───── RAW DATA
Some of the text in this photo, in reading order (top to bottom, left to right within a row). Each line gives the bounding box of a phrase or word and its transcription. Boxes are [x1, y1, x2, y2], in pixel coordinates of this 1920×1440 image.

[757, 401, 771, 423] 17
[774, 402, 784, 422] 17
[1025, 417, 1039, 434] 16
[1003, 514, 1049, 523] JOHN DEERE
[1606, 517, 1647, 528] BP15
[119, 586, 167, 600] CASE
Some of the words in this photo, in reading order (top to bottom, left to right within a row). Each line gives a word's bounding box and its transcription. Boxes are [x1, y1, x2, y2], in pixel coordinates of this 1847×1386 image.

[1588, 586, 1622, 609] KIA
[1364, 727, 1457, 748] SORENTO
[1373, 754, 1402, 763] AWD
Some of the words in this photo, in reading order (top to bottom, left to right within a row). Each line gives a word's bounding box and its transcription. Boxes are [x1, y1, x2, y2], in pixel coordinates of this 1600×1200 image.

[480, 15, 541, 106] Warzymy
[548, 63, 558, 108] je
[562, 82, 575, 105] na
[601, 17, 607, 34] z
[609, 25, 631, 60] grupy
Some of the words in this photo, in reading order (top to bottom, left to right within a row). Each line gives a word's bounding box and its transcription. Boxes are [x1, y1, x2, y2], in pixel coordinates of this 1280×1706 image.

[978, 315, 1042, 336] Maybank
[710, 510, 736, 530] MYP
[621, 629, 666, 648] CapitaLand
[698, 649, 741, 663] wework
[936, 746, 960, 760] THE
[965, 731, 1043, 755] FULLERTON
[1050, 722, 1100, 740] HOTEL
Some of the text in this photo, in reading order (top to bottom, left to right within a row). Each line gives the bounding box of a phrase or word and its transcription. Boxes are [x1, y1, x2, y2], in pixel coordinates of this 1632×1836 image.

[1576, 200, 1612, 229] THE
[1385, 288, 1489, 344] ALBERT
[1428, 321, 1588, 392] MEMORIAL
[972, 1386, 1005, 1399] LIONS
──────────
● WORK REQUIRED: Output the entries exactly. Leave nothing out.

● EXERCISE RESPONSE:
Some of the text in this photo, in reading order (top to bottom, left to right within a row). Each line gives the bounding box of a phrase or word and its transcription. Boxes are [x1, y1, x2, y2], in pixel coordinates of this 1920×1440 image.

[757, 401, 771, 423] 17
[774, 402, 784, 422] 17
[1025, 417, 1039, 434] 16
[1003, 514, 1049, 523] JOHN DEERE
[1606, 517, 1647, 528] BP15
[119, 586, 167, 600] CASE
Some of the words in this photo, in reading order (top to bottom, left to right within a row). Each line gives a word's bounding box and its transcription. Boxes are [x1, y1, x2, y2], in pixel coordinates of this 1847×1386 image.

[1588, 586, 1622, 609] KIA
[1364, 727, 1457, 748] SORENTO
[1373, 754, 1402, 763] AWD
Some of the words in this photo, in reading order (top to bottom, left to right within a row). Each line gives a word's bounding box and its transcription. Boxes are [x1, y1, x2, y2], in pixel coordinates of this 1600×1200 image.

[480, 15, 541, 106] Warzymy
[548, 63, 558, 108] je
[562, 82, 575, 105] na
[601, 17, 607, 34] z
[609, 25, 631, 60] grupy
Some of the words in this photo, in reading order (top to bottom, left to right within a row). Each line gives a word's bounding box and its transcription. Boxes are [x1, y1, x2, y2], in pixel coordinates of this 1280×1706 image.

[978, 315, 1042, 336] Maybank
[710, 510, 736, 530] MYP
[621, 629, 666, 648] CapitaLand
[698, 649, 741, 663] wework
[936, 746, 960, 760] THE
[965, 731, 1043, 755] FULLERTON
[1050, 722, 1100, 740] HOTEL
Some of the text in this photo, in reading order (top to bottom, left to right within a row). Each line gives the bounding box of a phrase or word and its transcription. Boxes are [x1, y1, x2, y2], in pixel coordinates of this 1632×1836 image.

[1576, 200, 1612, 229] THE
[1385, 288, 1489, 344] ALBERT
[1428, 321, 1588, 392] MEMORIAL
[972, 1386, 1005, 1399] LIONS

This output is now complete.